_Try it_
Print all the data, keeping every line exactly as it is.
Segment Start: Data supplied
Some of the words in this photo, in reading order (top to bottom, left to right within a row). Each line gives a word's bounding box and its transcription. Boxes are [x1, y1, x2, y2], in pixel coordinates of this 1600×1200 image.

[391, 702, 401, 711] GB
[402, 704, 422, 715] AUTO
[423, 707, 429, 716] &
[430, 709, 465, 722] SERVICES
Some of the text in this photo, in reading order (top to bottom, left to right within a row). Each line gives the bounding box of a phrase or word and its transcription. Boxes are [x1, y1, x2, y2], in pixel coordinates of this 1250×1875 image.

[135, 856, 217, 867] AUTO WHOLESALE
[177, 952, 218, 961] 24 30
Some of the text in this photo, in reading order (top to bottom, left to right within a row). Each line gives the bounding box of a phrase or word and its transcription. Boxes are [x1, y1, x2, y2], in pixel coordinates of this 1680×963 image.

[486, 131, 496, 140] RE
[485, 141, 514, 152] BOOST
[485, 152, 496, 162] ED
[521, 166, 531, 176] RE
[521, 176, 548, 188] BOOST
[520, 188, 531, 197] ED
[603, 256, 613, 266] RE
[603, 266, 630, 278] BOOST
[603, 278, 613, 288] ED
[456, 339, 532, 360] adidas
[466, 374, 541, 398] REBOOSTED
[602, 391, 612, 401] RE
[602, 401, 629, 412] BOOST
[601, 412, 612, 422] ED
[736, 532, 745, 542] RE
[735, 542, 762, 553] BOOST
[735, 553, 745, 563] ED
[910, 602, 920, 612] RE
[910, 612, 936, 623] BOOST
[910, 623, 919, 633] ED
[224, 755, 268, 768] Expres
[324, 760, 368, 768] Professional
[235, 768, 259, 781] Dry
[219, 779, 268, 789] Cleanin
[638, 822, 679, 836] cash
Segment End: Data supplied
_Finished task_
Some of the words in this photo, in reading order (top to bottom, left to right within a row). Each line gives a word's bounding box and its transcription. Boxes are [x1, y1, x2, y2], in pixel coordinates of this 1600×1200 image.

[391, 702, 401, 711] GB
[402, 704, 422, 715] AUTO
[423, 707, 429, 716] &
[430, 709, 465, 722] SERVICES
Some of the text in this photo, in reading order (top to bottom, left to right within a row). Each line gives the bounding box of a phrase or word and its transcription. Boxes are [x1, y1, x2, y2], in pixel coordinates of this 1250×1875 image.

[135, 856, 217, 867] AUTO WHOLESALE
[177, 952, 218, 961] 24 30
Some of the text in this photo, in reading order (top to bottom, left to right within a row). Each line gives the bounding box of a phrase or word and its transcription. Boxes are [x1, y1, x2, y2], in pixel coordinates of this 1680×963 image.

[486, 131, 496, 140] RE
[485, 141, 514, 152] BOOST
[485, 152, 496, 162] ED
[521, 166, 531, 176] RE
[521, 176, 548, 188] BOOST
[520, 188, 531, 197] ED
[603, 256, 613, 266] RE
[603, 266, 630, 278] BOOST
[603, 278, 613, 288] ED
[456, 339, 532, 360] adidas
[466, 374, 541, 398] REBOOSTED
[602, 391, 612, 401] RE
[602, 401, 629, 412] BOOST
[601, 412, 612, 422] ED
[736, 532, 745, 542] RE
[735, 542, 762, 553] BOOST
[735, 553, 745, 563] ED
[910, 602, 920, 612] RE
[910, 612, 936, 623] BOOST
[910, 623, 919, 633] ED
[224, 755, 268, 768] Expres
[324, 760, 368, 768] Professional
[235, 768, 259, 781] Dry
[219, 779, 268, 789] Cleanin
[638, 822, 679, 836] cash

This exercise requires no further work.